The CWC’s criminal role is mirrored by all the other plantation unions. As plantation workers have witnessed, these unions, which also act as political parties, represent the interests of corporations and work to suppress estate workers’ struggles.

Two days after the disaster, Socialist Equality Party supporters met with some the displaced families who had still not received any aid from the unions and were dependent on food and provisions from nearby people.
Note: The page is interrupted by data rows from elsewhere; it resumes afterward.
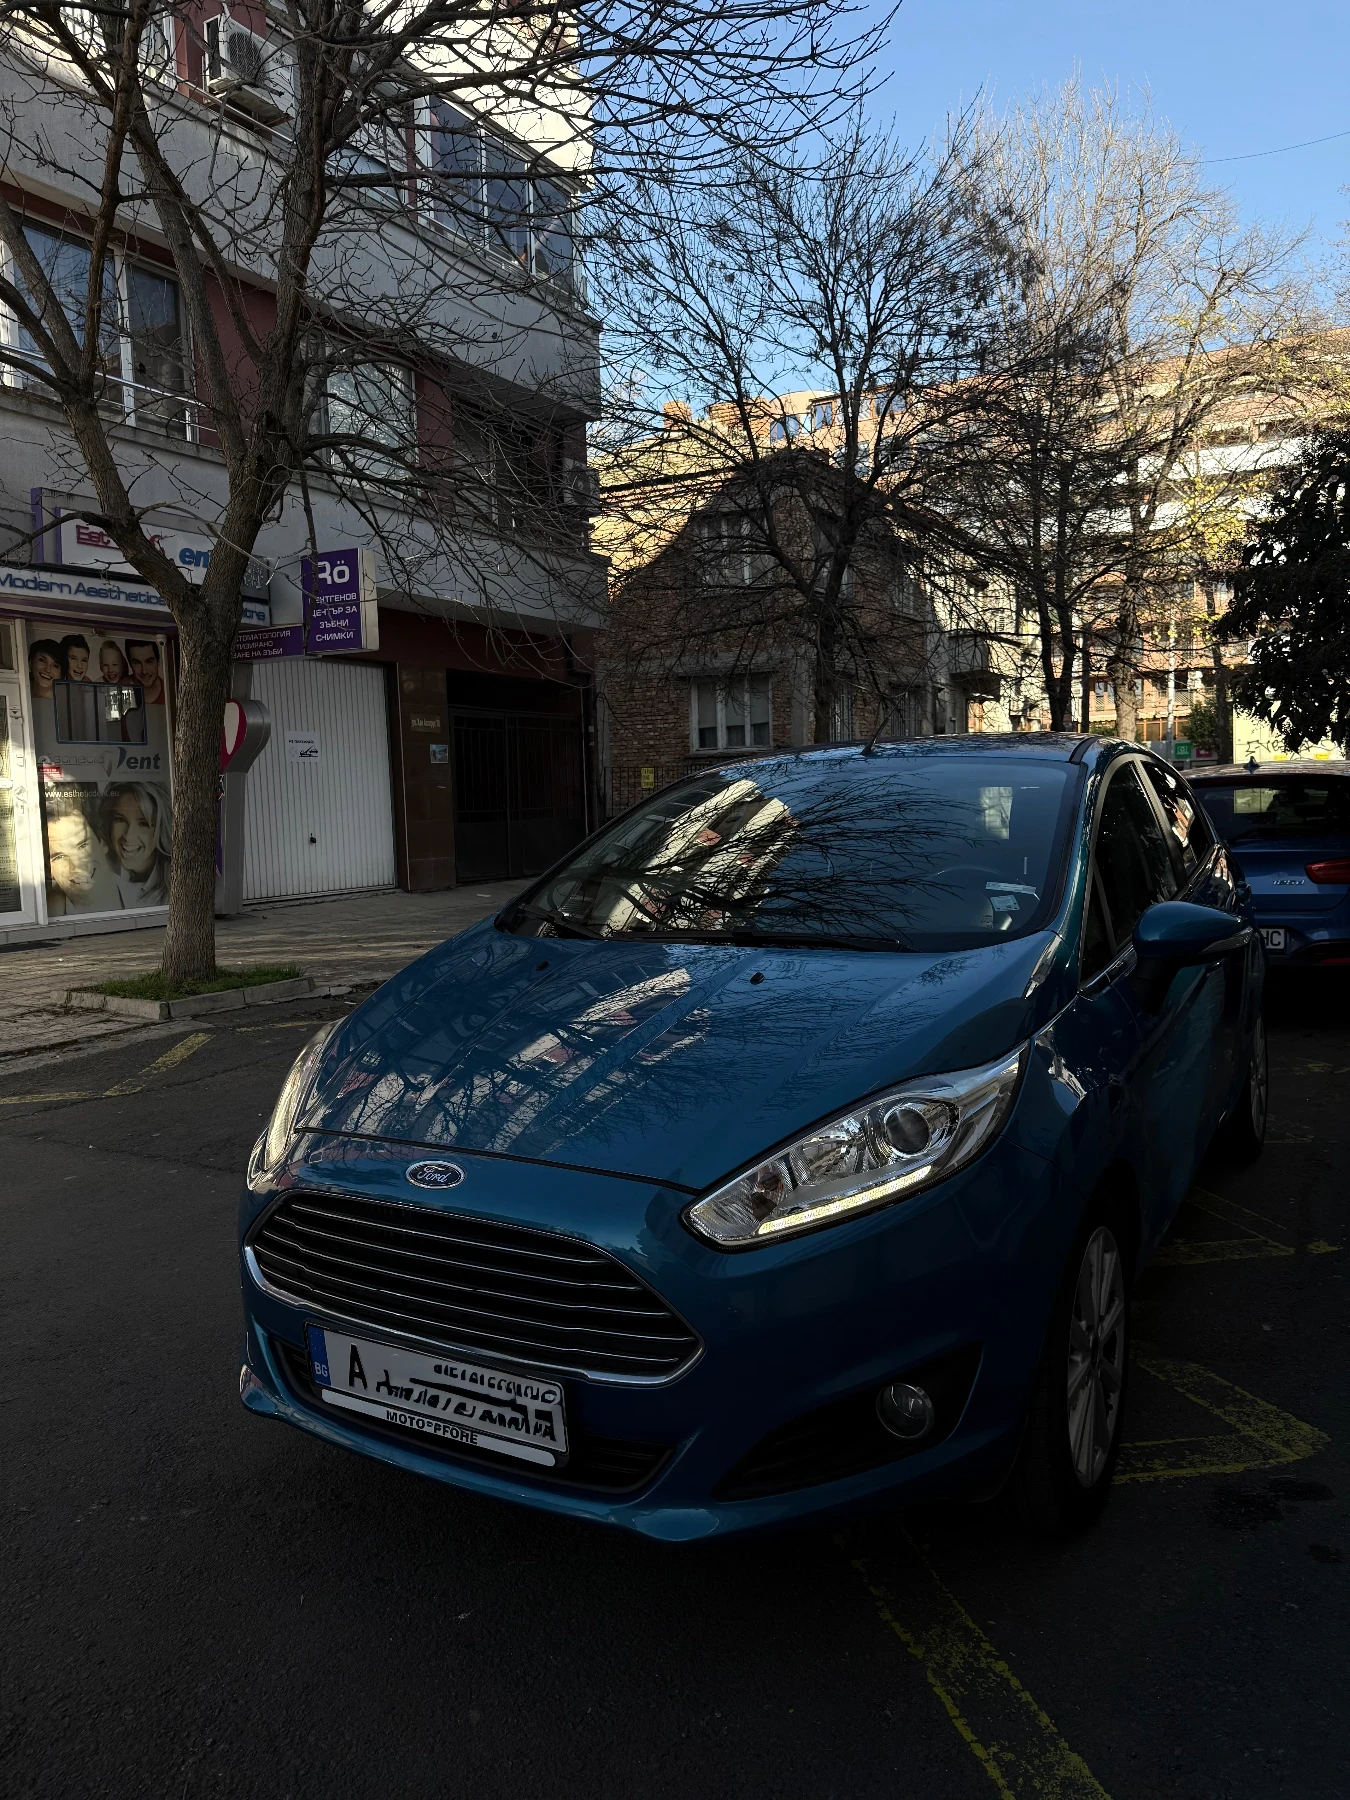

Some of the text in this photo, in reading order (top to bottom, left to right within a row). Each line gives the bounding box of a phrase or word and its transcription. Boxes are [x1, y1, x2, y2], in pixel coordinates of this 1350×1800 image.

[0, 573, 72, 595] Modern
[308, 592, 357, 605] ЕНТГЕНОВ
[345, 605, 358, 614] ЗА
[319, 619, 349, 629] ЗЪБНИ
[236, 630, 291, 642] ТОМАТОЛОГИЯ
[315, 631, 354, 642] СНИМКИ
[314, 1361, 329, 1378] BG
Most Sri Lankan estate workers still live in overcrowded 10-by-10 foot line-rooms built during British colonial rule. The estate corporations refuse to organise proper housing for workers’ families, which means that several families are forced to live in the same line-room. Nor do the corporations provide maintenance for these buildings. Sri Lanka’s highly exploited and overworked estate workers are paid less than 1,000 rupees ($US3) a day. With Sri Lanka’s annual food inflation running at about 70 percent, estate workers and the families face starvation.

One estate worker said: “People face these disasters because the governments and the companies do not give any decent housing. You can see how many landslide-prone areas there are here, and nobody knows when there’ll be more landslides. The corporations want profits and so the governments create the situation for that.”
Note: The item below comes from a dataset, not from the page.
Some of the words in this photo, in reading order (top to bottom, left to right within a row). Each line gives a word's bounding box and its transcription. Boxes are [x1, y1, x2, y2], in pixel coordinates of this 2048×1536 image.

These comments are demonstrated by the plantation company’s profits. In the year before the 2014 Meeriyabadda disaster, Maskeliya Plantation’s profit was 35 billion rupees ($US109 million). If the company had spent a trifle of this amount and acted on the NBRO’s recommendations, 37 lives lost could have been saved.

The “right to life,” which was first clearly articulated in the US Declaration of Independence in 1776, is deemed fundamental in countless constitutions all over the world. The social reality is starkly otherwise.

In February, a massive Turkey-Syria earthquake killed 60,000 people with predictions that the total toll would reach 150,000. As Ulas Atesci, a leading member of the Socialist Equality Group in Turkey, explained to an International Youth and Students for Social Equality meeting in New York:

“In today’s capitalist society, which is divided along class lines, governments are first and foremost obliged to fulfill the interests of the ruling class they represent. And these interests prioritize capitalist profit and wealth accumulation over long-term investments in public health and safety.

“In this context, it must be emphasized that all political factions of the ruling class bear responsibility for this preventable catastrophe. This is, in the final analysis, a catastrophe resulting from the capitalist system that all the establishment parties defend.”

Atesci’s statement points to the underlying profit-driven causes of this month’s disaster at Poonagala Estate. Damaging landslides and floods are frequent occurrences during Sri Lanka’s rainy season but the ruling elite and its counterparts internationally are unwilling to introduce any measures to overcome these rudimentary social problems.